Şimdi de İstanbul’daki belediye seçimi baştan sona çelişkilerle dolu bir YSK kararıyla iptal edilip 23 Haziran’da yenileniyor.
Cumhurbaşkanı yine başrolde. Partisinin il başkanı ve bazı genel başkan yardımcıları ile ortağı MHP lideri takviye kuvvet.
Büyükşehir seçiminin iptaline gerekçe gösterilen iddiaların eğer doğru ise ilçe seçimleri için de geçerli olması gerekirken, 39 ilçenin hiçbirinde iptal söz konusu değil.
Ama İstanbul seçimi yenilenecek.
Bu çok tartışmalı ve gerek içeride, gerek dışarıda yoğun tepki ve eleştirilere konu olan karar, seçim sistemine de, YSK’ya da, tek adam sisteminin iyice dibe vurdurduğu “demokrasi”mize de yeni bir “darbe” oldu.
Karar, Saray, partisi AKP ve artık kader ortağı haline gelen MHP tarafından ısrarla sürdürülen yoğun baskılar sonucu alındı.
Eğer İstanbul seçimini AKP-MHP adayı kazanmış olsaydı, o cenahın 31 Mart’tan bu yana gerek seçmen listeleri, gerekse sandık kurulu görevlileri hakkında seslendirdiği ve her gün bir yenisi eklenen “şaibe, yolsuzluk, usûlsüzlük, organize sahtecilik” iddiaları hiç gündeme getirilir miydi?
Peki, YSK kararındaki çelişkiler ve cevabı verilemeyen sorular, iktidar blokunu çok zorlarsa; sarıldıkları “Ne var, yine millete gidiyoruz, kararı o verecek” söylemleri, “Millet kararını vermişti, bir daha niye onun parasıyla tekrar dünyanın masrafını yapıp seçimi tekrarlıyorsunuz?
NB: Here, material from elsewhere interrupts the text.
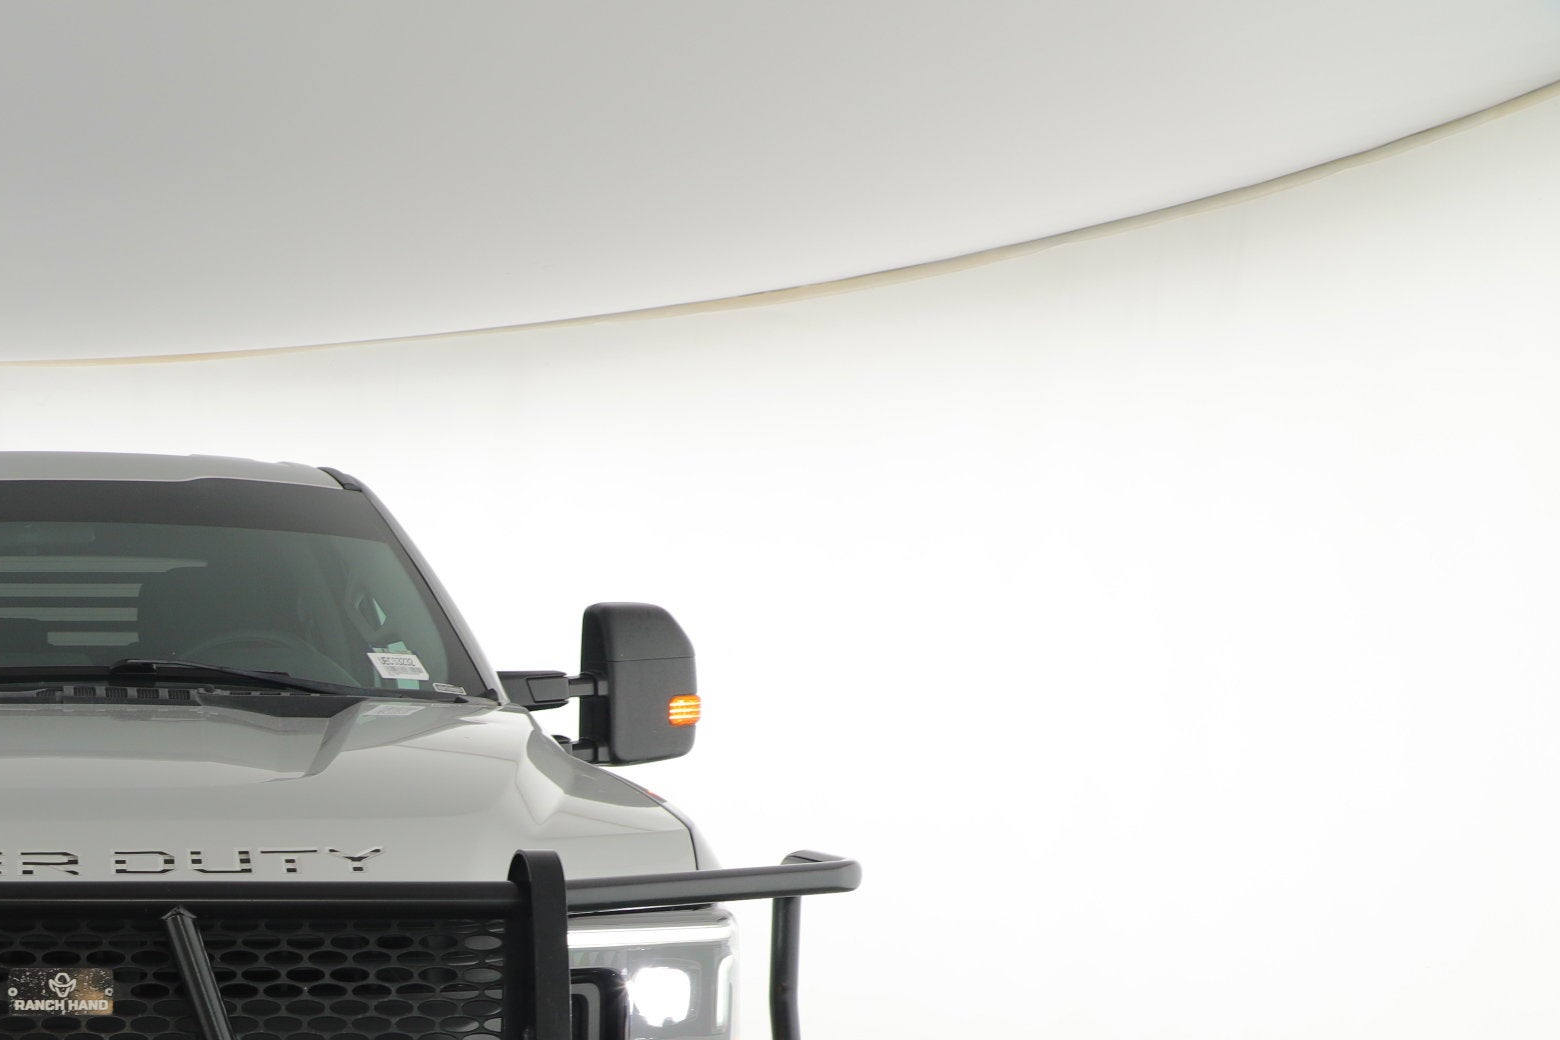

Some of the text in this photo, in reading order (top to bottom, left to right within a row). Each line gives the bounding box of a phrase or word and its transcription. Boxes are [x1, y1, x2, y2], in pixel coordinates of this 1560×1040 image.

Seçimin geçerli olması için illâ sizin mi kazanmanız lâzım?” sualleri karşısında etkisiz kalırsa...
“Seçim sadece benim kazanmam için yapılır. Kaybettiğim seçim geçersizdir ve ben kazanıncaya kadar tekrarlanır” anlayışı daha çok sorgulanır ve kaybettirirse...
İktidarın adaletsiz şartlarda “kazandığı” her seçim sonrası muhalefet için alaycı bir eda ile seslendirdiği “Yenilen pehlivan güreşe doymazmış” lâfı bu defa bumeranga dönüşüp kendisine dönerse ne olacak?